A. Sample traces of current-clamp recordings from a PN in which a train of five stimuli (100 Hz) delivered in the molecular layer induced non-NMDA EPSPs that triggered a burst of action potentials. Bath application of EtOH (50 mM) reversibly decreased the peak amplitude of the EPSPs and reduced action potential number (these data were digitized at 5 kHz, which explains the variability in AP amplitude). The non-NMDA EPSPs were fully blocked by NBQX (20 μM). B and C. Summary graphs illustrating the inhibitory effect of EtOH (50 mM) on EPSP1 amplitude and action potential number. Analysis by repeated measures ANOVA followed by Tukey's posthoc test revealed that EtOH significantly decreased EPSP1 amplitude (p < 0.01 vs. control and p < 0.05 vs. washout) and the number of action potentials/train (p < 0.001 vs. both control and washout) (n = 4).
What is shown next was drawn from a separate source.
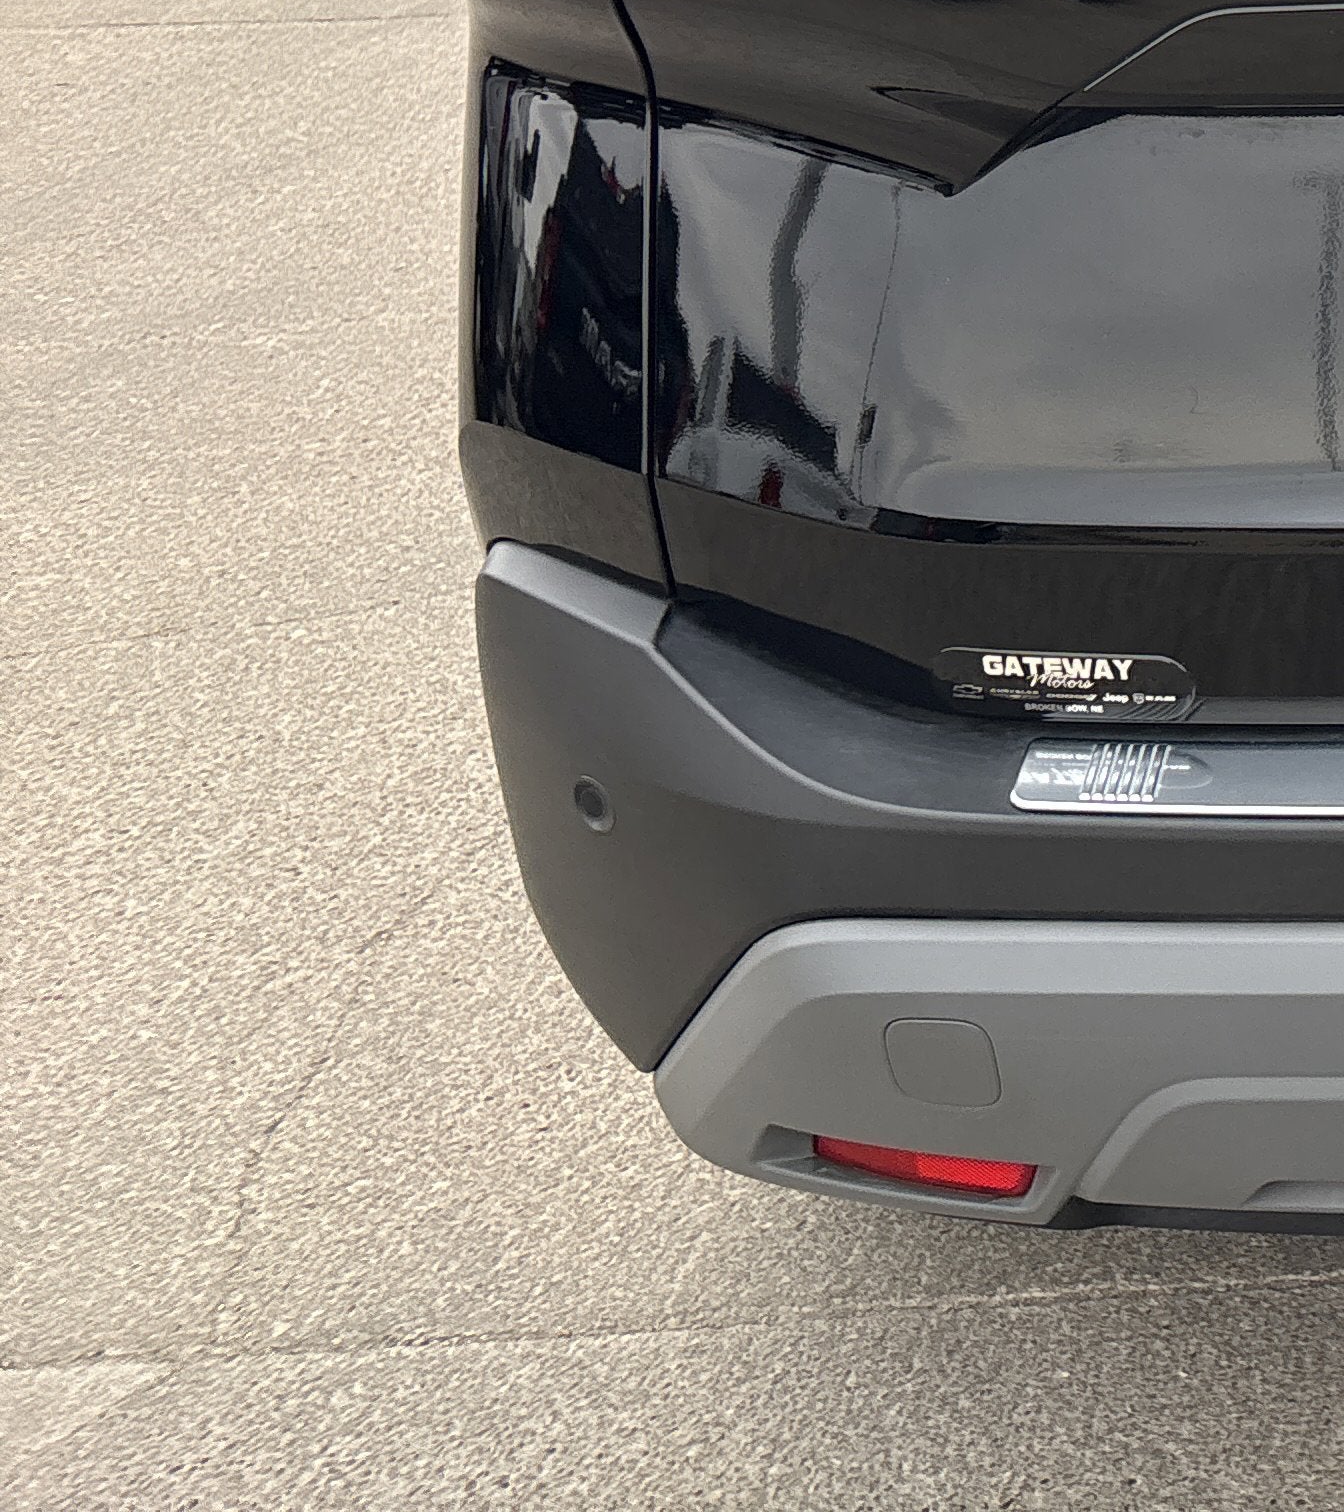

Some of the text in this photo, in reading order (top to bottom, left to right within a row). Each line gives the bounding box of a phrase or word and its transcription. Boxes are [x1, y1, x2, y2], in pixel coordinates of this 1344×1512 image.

D. Same as in A but in the continuous presence of bicuculline (20 μM); the stimulation intensity was decreased to obtain a comparable number of action potential/train as in the absence of bicuculline. Note that EtOH neither decreased EPSP1 amplitude nor action potential number in presence of this agent. E and F. Summary graphs illustrating the lack of an effect of EtOH (50 mM) on EPSP1 and action potential number in presence of bicuculline (n = 5).